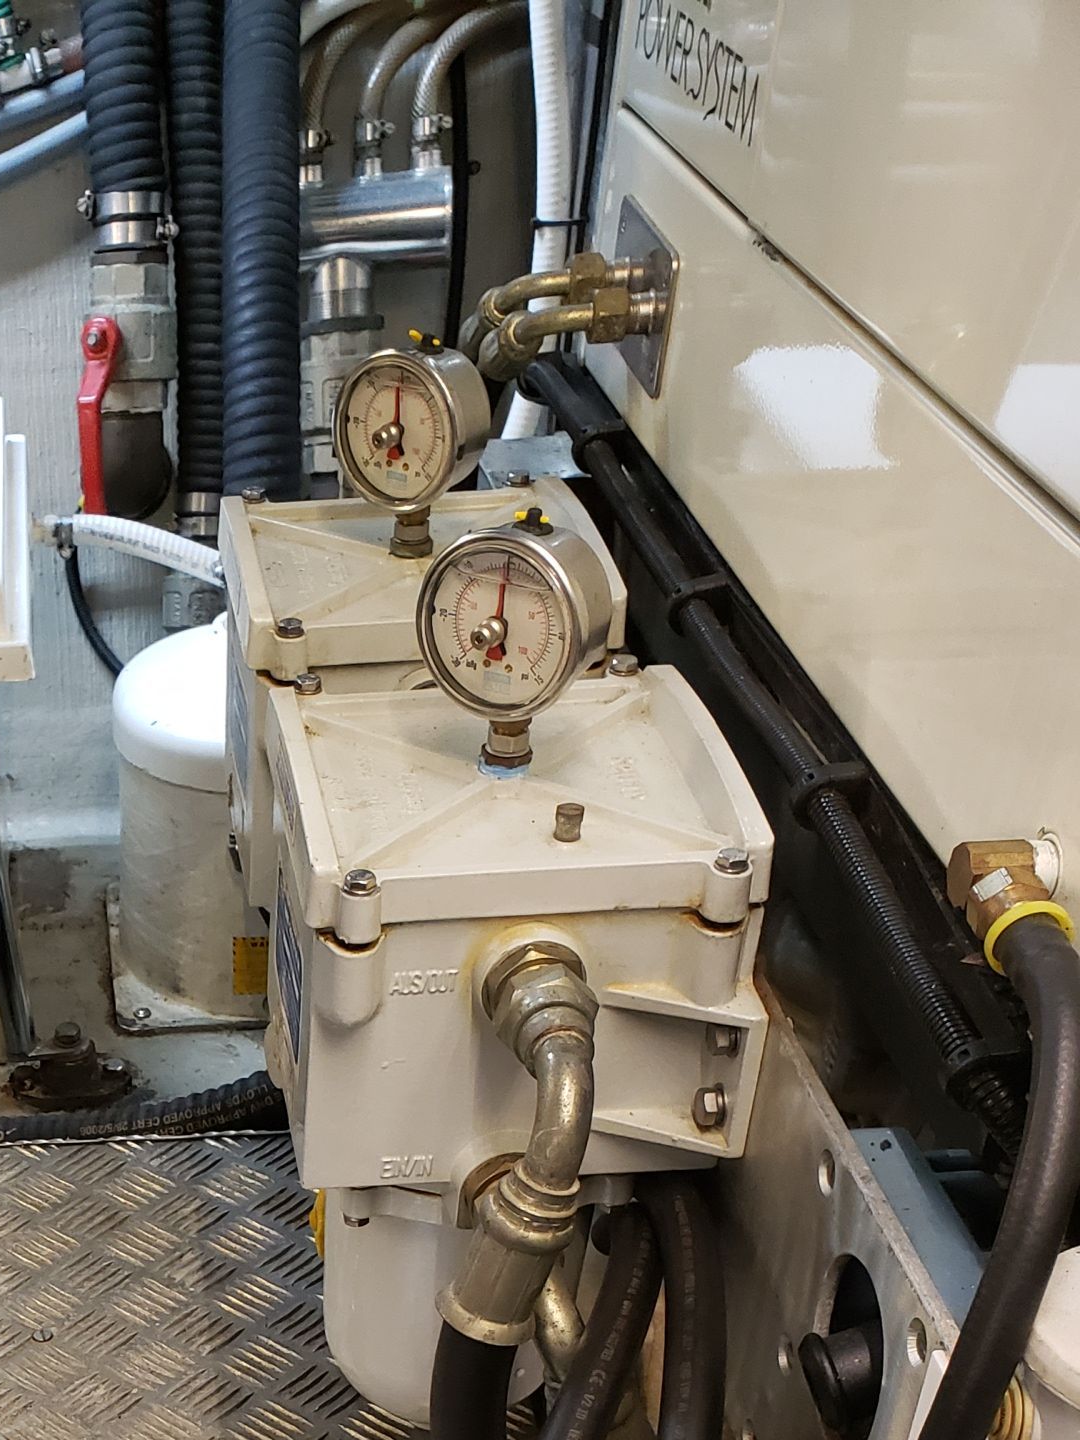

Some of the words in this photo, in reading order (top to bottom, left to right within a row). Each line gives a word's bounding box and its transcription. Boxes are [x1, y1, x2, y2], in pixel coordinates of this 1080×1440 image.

[635, 0, 695, 92] POWER
[686, 27, 760, 147] SYSTEM
[389, 969, 459, 996] AUS/OUT
[229, 1084, 269, 1108] LLOYDS
[131, 1116, 160, 1130] CERT
[163, 1104, 222, 1125] APPROVED

PROBLEM TO WORK ON. Reproduce the whole listing exactly, but not the images in it.

ANSWER TO THIS EXERCISE.
Some of the words in this photo, in reading order (top to bottom, left to right within a row). Each line gives a word's bounding box and its transcription. Boxes are [x1, y1, x2, y2], in pixel coordinates of this 1080×1440 image.

[635, 0, 695, 92] POWER
[686, 27, 760, 147] SYSTEM
[389, 969, 459, 996] AUS/OUT
[229, 1084, 269, 1108] LLOYDS
[131, 1116, 160, 1130] CERT
[163, 1104, 222, 1125] APPROVED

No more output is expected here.